::: Records to use :::

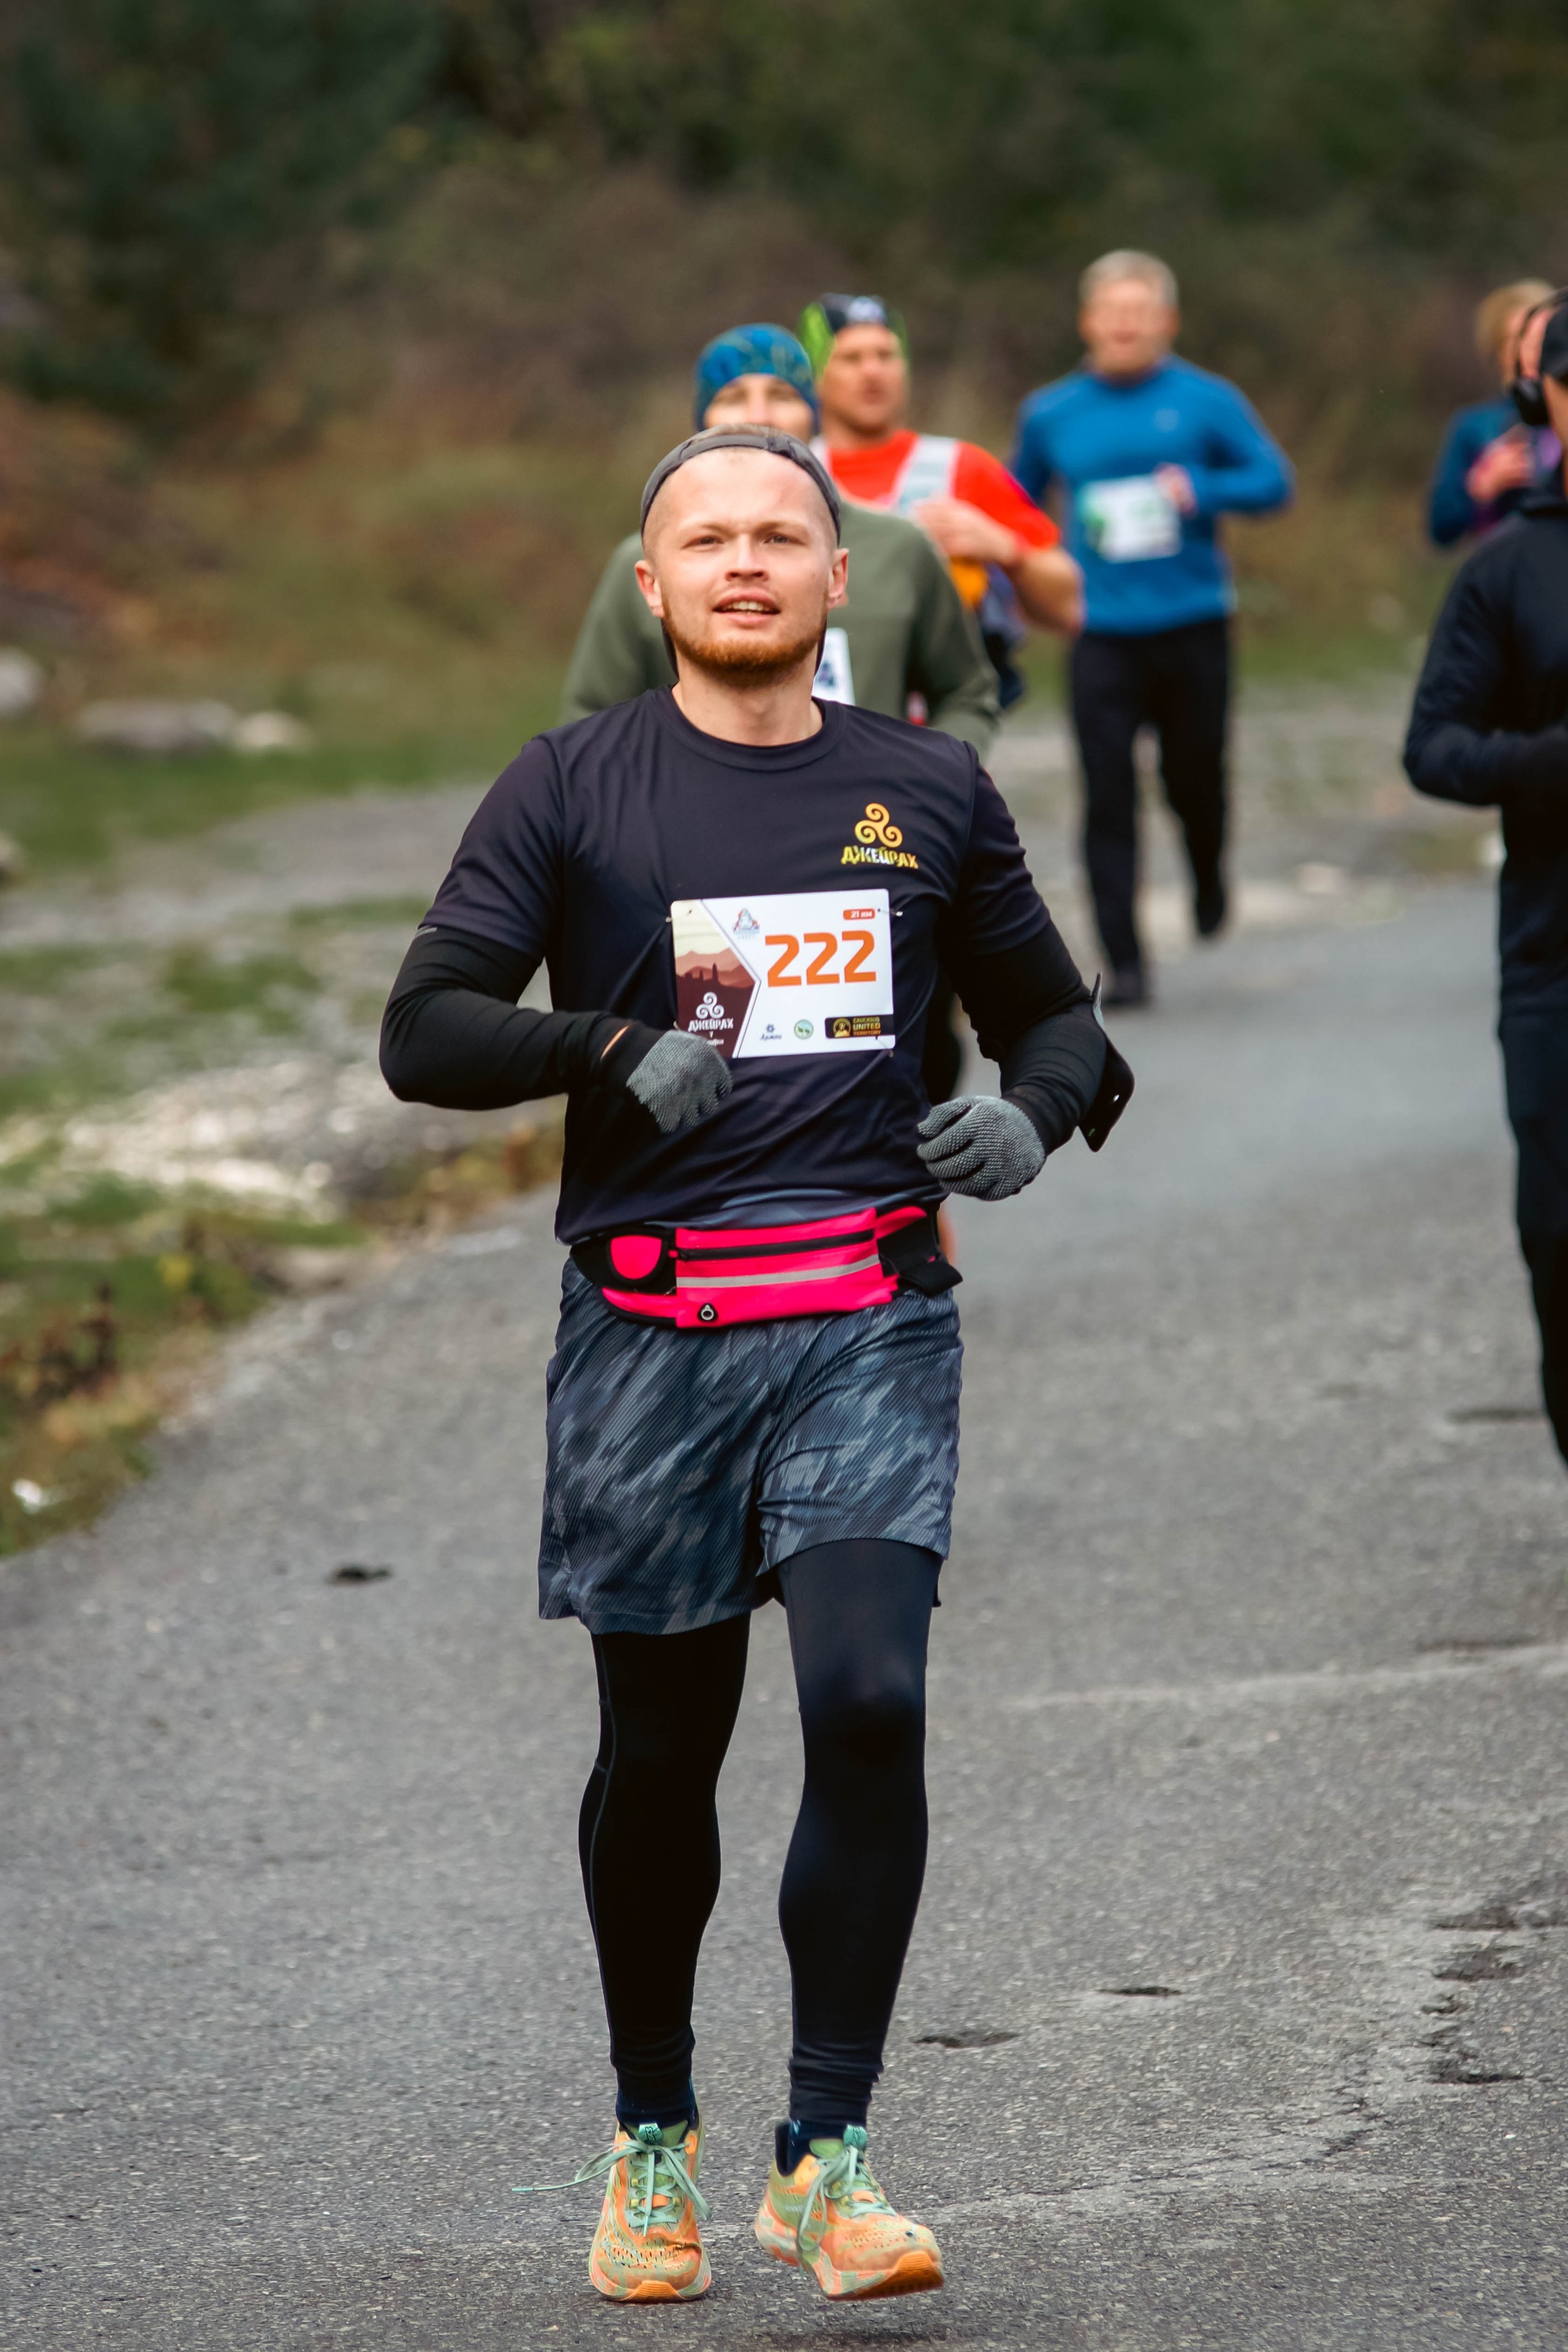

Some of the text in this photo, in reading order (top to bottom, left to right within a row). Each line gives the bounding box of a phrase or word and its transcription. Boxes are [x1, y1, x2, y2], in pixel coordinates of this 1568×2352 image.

[841, 845, 918, 869] ДЖЕЙРАХ
[765, 930, 876, 987] 222
[688, 1018, 734, 1032] ДЖЕЙРАХ
[853, 1022, 881, 1031] UNITED

:::

Give the data back exactly, omitting all pictures.

Some of the text in this photo, in reading order (top to bottom, left to right within a row). Each line gives the bounding box of a phrase or word and its transcription. Boxes are [x1, y1, x2, y2], in pixel coordinates of this 1568×2352 image.

[841, 845, 918, 869] ДЖЕЙРАХ
[765, 930, 876, 987] 222
[688, 1018, 734, 1032] ДЖЕЙРАХ
[853, 1022, 881, 1031] UNITED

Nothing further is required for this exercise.